Nim powiemy więcej o życiu, do którego każdy ma prawo, warto uświadomić sobie, jak wiele przyczyn może doprowadzić do śmierci. Oczywiście śmierć bezprawnie pozbawia nas niezbywalnego i nienaruszalnego „prawa do życia” i już choćby tylko z tego powodu jest niemile widziana na salonach postępu. Łatwo zauważyć, że zgon może nastąpić z następujących przyczyn:

  • naturalnego biegu życia (starość, choroby związane ze starzeniem się)
  • niekorzystnych warunków życia (odwodnienie, niedożywienie, wychłodzenie)
  • działania przyrody ożywionej (bakterie, wirusy, ataki zwierząt, trujące rośliny)
  • działania przyrody nieożywionej (piorun, powódź, trzęsienia ziemi, pożary)
  • niezamierzonego działania własnego (utonięcia, porażenie prądem, upadek z wysokości, wypadki drogowe)
  • niezamierzonego działania innych ludzi (wypadki drogowe)
  • zamierzonego działania własnego (samobójstwo)
  • zamierzonego działania innych ludzi (zabójstwo, egzekucja, eutanazja, aborcja)
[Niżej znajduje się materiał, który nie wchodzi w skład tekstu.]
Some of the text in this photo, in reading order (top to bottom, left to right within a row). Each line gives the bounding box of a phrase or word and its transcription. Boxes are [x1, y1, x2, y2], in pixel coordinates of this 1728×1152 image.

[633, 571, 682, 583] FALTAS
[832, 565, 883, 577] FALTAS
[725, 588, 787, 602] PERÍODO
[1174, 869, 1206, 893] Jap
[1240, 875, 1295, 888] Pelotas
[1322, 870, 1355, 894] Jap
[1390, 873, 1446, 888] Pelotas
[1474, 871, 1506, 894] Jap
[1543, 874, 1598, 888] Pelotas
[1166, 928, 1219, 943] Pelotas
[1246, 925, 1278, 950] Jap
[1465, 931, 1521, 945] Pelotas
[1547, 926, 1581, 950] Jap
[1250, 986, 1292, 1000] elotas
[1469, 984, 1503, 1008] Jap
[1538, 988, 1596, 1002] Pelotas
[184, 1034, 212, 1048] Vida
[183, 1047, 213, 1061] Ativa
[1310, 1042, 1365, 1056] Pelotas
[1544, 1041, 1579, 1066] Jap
Wyżej przedstawiliśmy przykłady, gdzie pisane prawo stwierdza, że „Każdy ma prawo do życia”, ale cóż to za prawo, skoro niepisane prawo stanowi, że każdy musi umrzeć? Trudno oprzeć się wrażeniu, że ten zapis prawny, to tylko taka bajeczka dla naiwnych. Przecież życie – tylko na poziomie biologicznym – to oddychanie, picie, jedzenie i zdrowie. Zatem konsekwentnie musimy uznać też, że „Każdy ma prawo do powietrza, wody, jedzenia i zdrowia”.
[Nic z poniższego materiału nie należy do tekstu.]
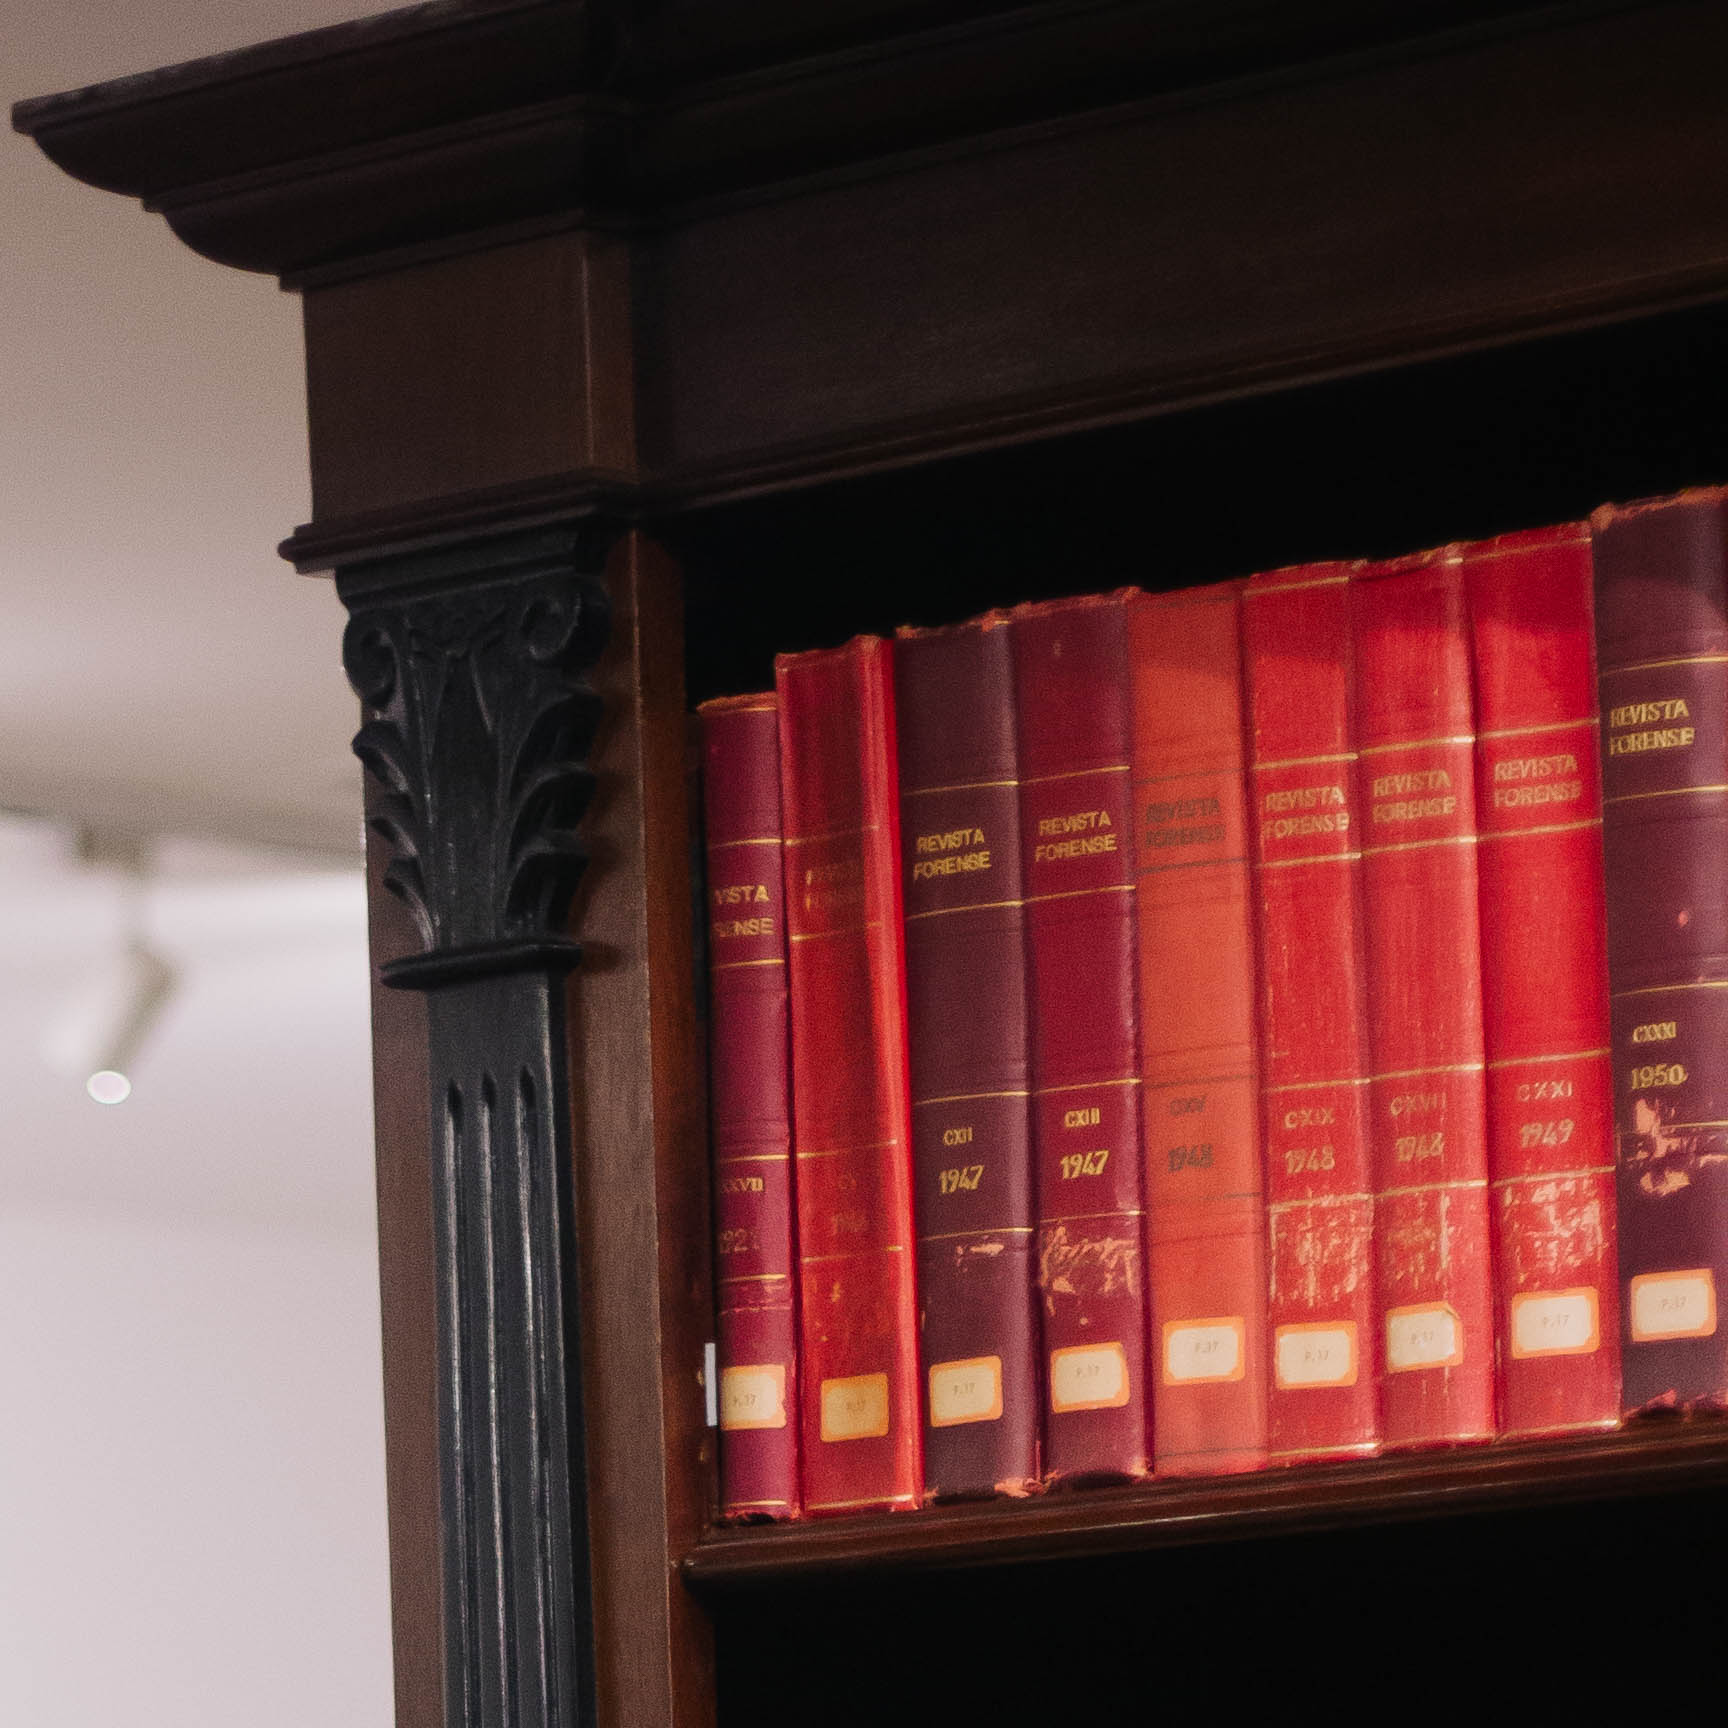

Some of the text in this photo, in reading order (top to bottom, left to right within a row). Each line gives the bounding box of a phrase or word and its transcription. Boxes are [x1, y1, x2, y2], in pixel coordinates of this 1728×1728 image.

[1610, 699, 1691, 728] REVISTA
[1610, 727, 1696, 756] FORENSE
[1494, 754, 1578, 781] REVISTA
[1374, 771, 1452, 797] REVISTA
[1494, 780, 1582, 809] FORENSE
[1265, 785, 1346, 812] REVISTA
[1373, 796, 1457, 823] FORENSE
[1039, 810, 1112, 837] REVISTA
[1263, 810, 1350, 840] FORENSE
[916, 828, 986, 854] REVISTA
[1036, 833, 1118, 862] FORENSE
[913, 850, 992, 881] FORENSE
[1631, 1063, 1684, 1089] 1950
[1517, 1080, 1573, 1102] CXXI
[1064, 1107, 1101, 1128] CXIII
[943, 1127, 973, 1147] CXII
[1520, 1119, 1575, 1148] 1949
[1284, 1148, 1336, 1176] 1948
[1395, 1137, 1445, 1164] 1948
[1059, 1150, 1110, 1180] 1947
[938, 1165, 985, 1194] 1947
A to tylko podstawowe prawa, bo przecież mróz i upał też potrafią zabić, zatem i prawo do jakiegoś lokum również należałoby dołączyć. Ale to nie kończy zbioru pobożnych życzeń kryjących się za prostym zapisem prawnym przyznającym żyjącym „prawo do życia”. Przecież powietrze powinno być czyste, woda dobrej jakości, jedzenie zdrowe, o nasze zdrowie powinna się troszczyć choćby w miarę wykwalifikowana służba zdrowia, a czas oczekiwania na poradę lekarską powinien być liczony w tygodniach, a nie w miesiącach i latach.


A co jeśli ktoś zginie w wypadku drogowym albo utonie? To wyraźne lekceważenie zapisu o „prawie do życia”. Z pewnością nie można być obojętnym na te przypadki łamania podstawowego prawa człowieka – należy zmniejszyć dozwoloną prędkość samochodów, a kąpieliska odgrodzić siatkami od miejsc głębszych niż pół metra.
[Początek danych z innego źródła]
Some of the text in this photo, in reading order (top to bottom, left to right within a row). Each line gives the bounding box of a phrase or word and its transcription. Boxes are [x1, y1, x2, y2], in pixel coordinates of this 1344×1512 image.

Prawo do życia to również zapewnienie, że nikt nas nie zastrzeli. Tu rozwiązanie jest proste: należy wprowadzić zakaz dostępu do broni palnej. Oczywiście zostają jeszcze noże i siekiery, ale tutaj już prawo idzie z pomocą: w nieodległej przyszłości nie będzie wolno nosić przy sobie noży i siekier.


A co zrobić z nieporadnymi zabójcami, których niedoszła ofiara zabiła w obronie własnej. Tutaj też jest rozwiązanie! Oczywiście tej zatrważającej sytuacji jest winna sama żyjąca na swoje nieszczęście ofiara. Przecież, zamiast walczyć, mogła uciekać! Nie, to nie jest żart – poważni prawnicy wypowiadają się w tej kwestii i stoją na stanowisku, że pierwszym obowiązkiem zaatakowanego jest unikanie walki, a jeśli to możliwe – ucieczka[10]. W sytuacji, gdy obrona konieczna była niekonieczna (np. osoba napadnięta mogła uciekać), mówimy o przekroczeniu granicy obrony koniecznej. Co prawda ucieczka jako obrona konieczna przypomina raczej obronę komiczną, ale jakichże to darów nie można złożyć na ołtarzu postępu ludzkości…


Pomimo tych wysiłków nad dostosowaniem prawa do marzeń jego niepełnosprawnych umysłowo twórców morderstwa ciągle się zdarzają. I tutaj radosna twórczość zderza się ze ścianą: ofiara nie żyje, morderca ma prawo do życia, ale przecież tak być nie może – nie wolno pozwolić (i zmusza nas do tego zapis o „prawie do życia”), aby ktokolwiek jeszcze został zamordowany. Morderca może wyjść na wolność i zabić ponownie[11], może zamordować współwięźnia lub kogoś z więziennego personelu. Takie przypadki zdarzają się stosunkowo często i wzbudzają uzasadnioną wątpliwość co do przestrzegania praworządności w danym kraju oraz kompromitują koncepcję „prawa do życia”. W tej sytuacji najlepiej byłoby mordercę powiesić, szczególnie gdy wydaje się, że prawdopodobieństwo ponownego mordu jest duże, ale przecież powiesić nie można. Jak rozwiązać ten paradoks mordercy?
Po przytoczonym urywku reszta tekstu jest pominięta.